Alcuin et la pénitence à l'époque carolingienne
| Auteur / Autrice : | Michael S Driscoll |
| Direction : | Pierre Riché |
| Type : | Thèse de doctorat |
| Discipline(s) : | Sciences des religions |
| Date : | Soutenance en 1986 |
| Etablissement(s) : | Paris 4 |
Mots clés
Résumé
L'intérêt du sujet est double: d'une part l'époque d'Alcuin est, en ce qui concerne les pratiques pénitentielles, exceptionnellement complexe et fluctuante. D'autre part la personnalité spirituelle d'Alcuin, la place centrale que la pénitence occupe dans sa spiritualité font de lui un maitre de la metanoïa, pour quelques-uns de ses contemporains, et de façon beaucoup plus étendue pour la postérité. La thèse s'organise autour de quatre axes, fournis par un aveu attribue à Alcuin. A la demande de Benoit d’Aniane qui l'interroge sur l'objet de sa prière, il répond: ''voici ce que je demande au christ: seigneur, donne-moi de prendre conscience de mes péchés; de les confesser; d'en faire pénitence sincèrement; et accorde-m’en la rémission'' (Vita Alchuini).

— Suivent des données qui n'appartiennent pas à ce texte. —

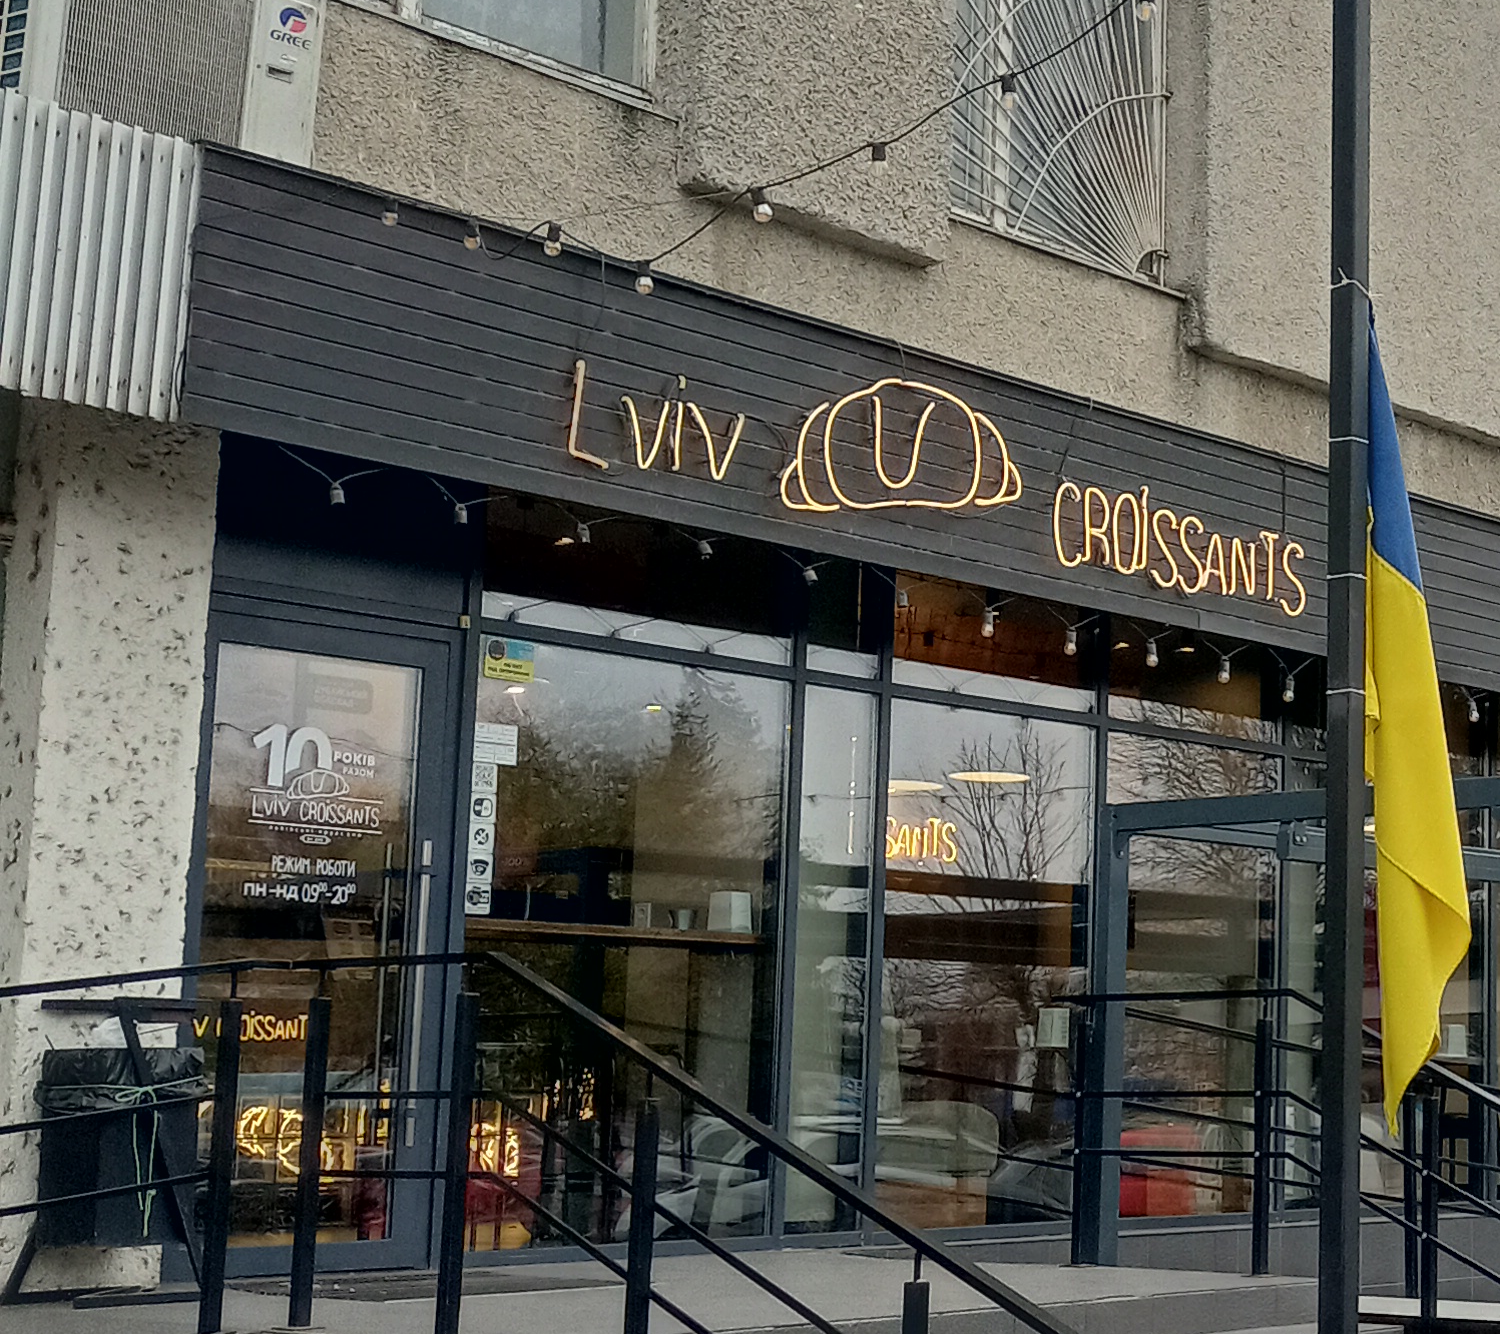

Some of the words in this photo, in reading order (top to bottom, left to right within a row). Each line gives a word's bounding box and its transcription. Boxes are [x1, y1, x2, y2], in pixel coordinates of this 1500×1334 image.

[270, 29, 312, 51] GREE
[252, 722, 333, 787] 10
[333, 750, 376, 767] РОКІВ
[342, 767, 375, 779] РАЗОМ
[271, 854, 311, 875] РЕЖИМ
[315, 857, 357, 878] РОБОТИ
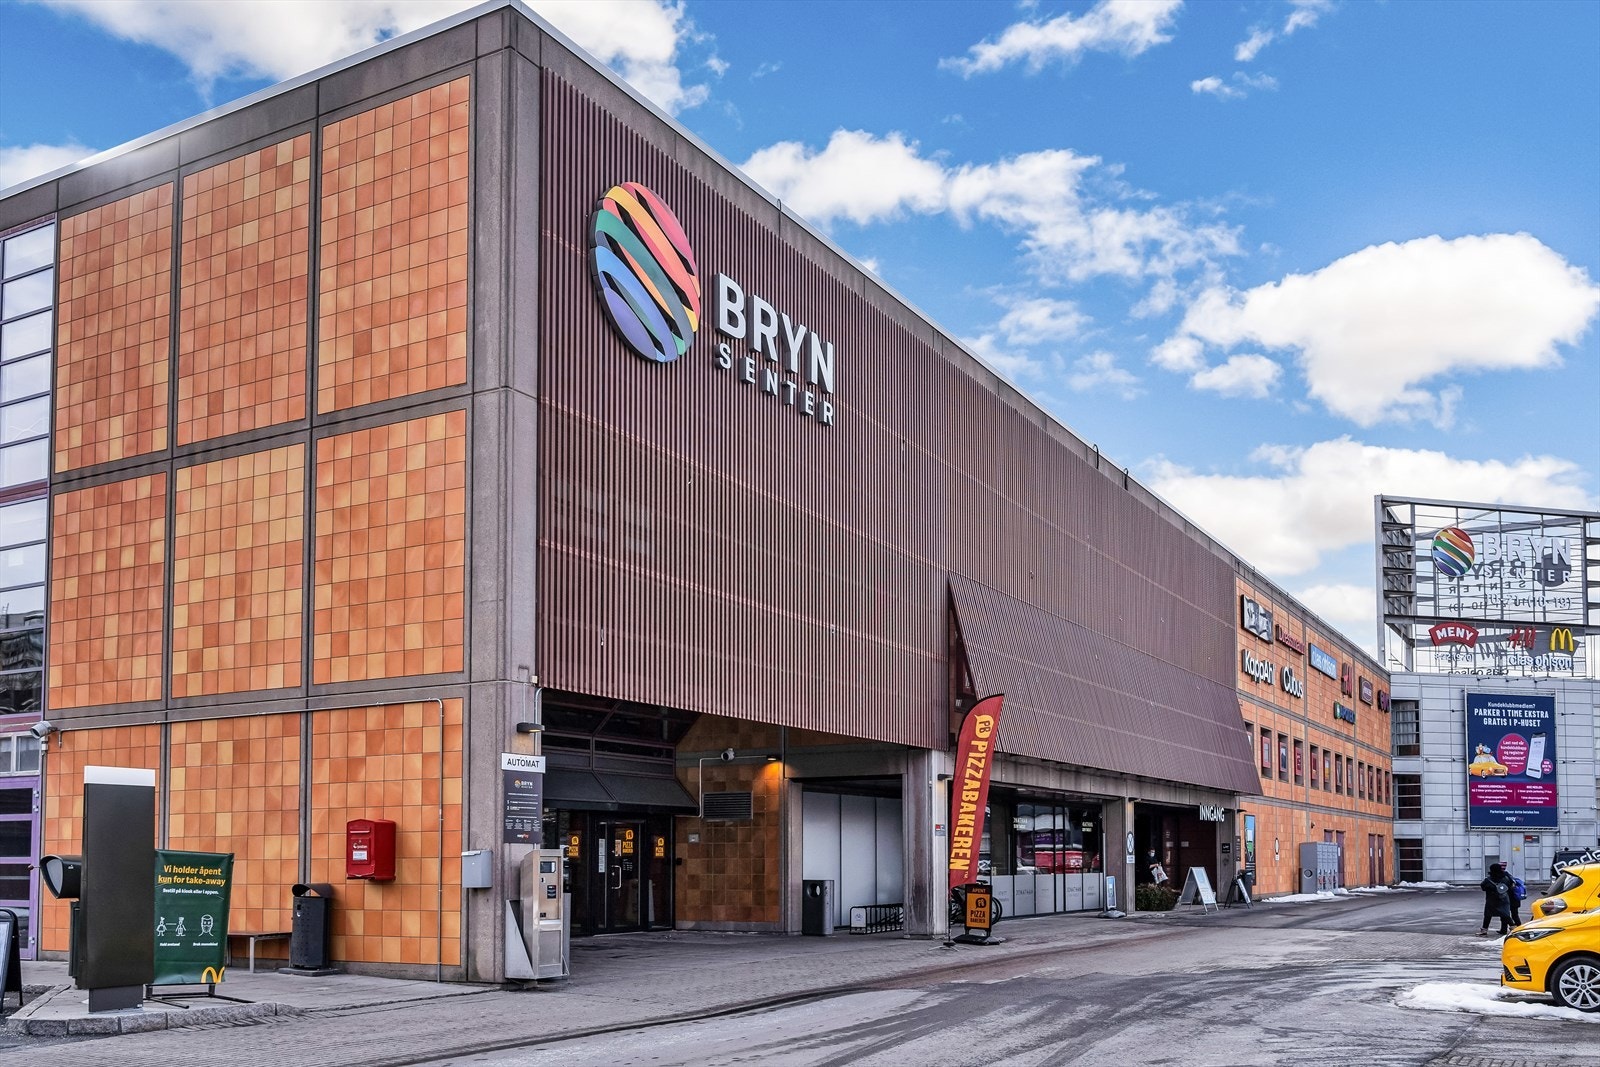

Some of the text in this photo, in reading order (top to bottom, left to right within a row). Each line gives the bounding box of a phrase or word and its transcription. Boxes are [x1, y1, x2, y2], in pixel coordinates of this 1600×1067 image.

Au risque d'exagérer l'organisation logique de cette sentence, nous l'utilisons pour introduire les quatre axes principaux: l'axe biographique - la vie d'un homme doué et lucide; l'axe sacramentel - le moyen de vivre en homme libre conformément aux exigences de l'Église; l'axe spirituel et ascétique - le renoncement profond et graduel au monde pour le royaume; l'axe théologique - l'intelligence qui peu à peu connait les dons de dieu. La vigueur et la simplicité de ces mots, la densité de leur signification, en font une courte somme de la pensée pénitentielle d’Alcuin, et, à ce titre, s'imposent aisément comme un leitmotiv. Une telle approche personnalisée peut, on l'espère, compléter celle d'une pure histoire institutionnelle, telle qu'on la rencontre souvent dans l'histoire de la pénitence.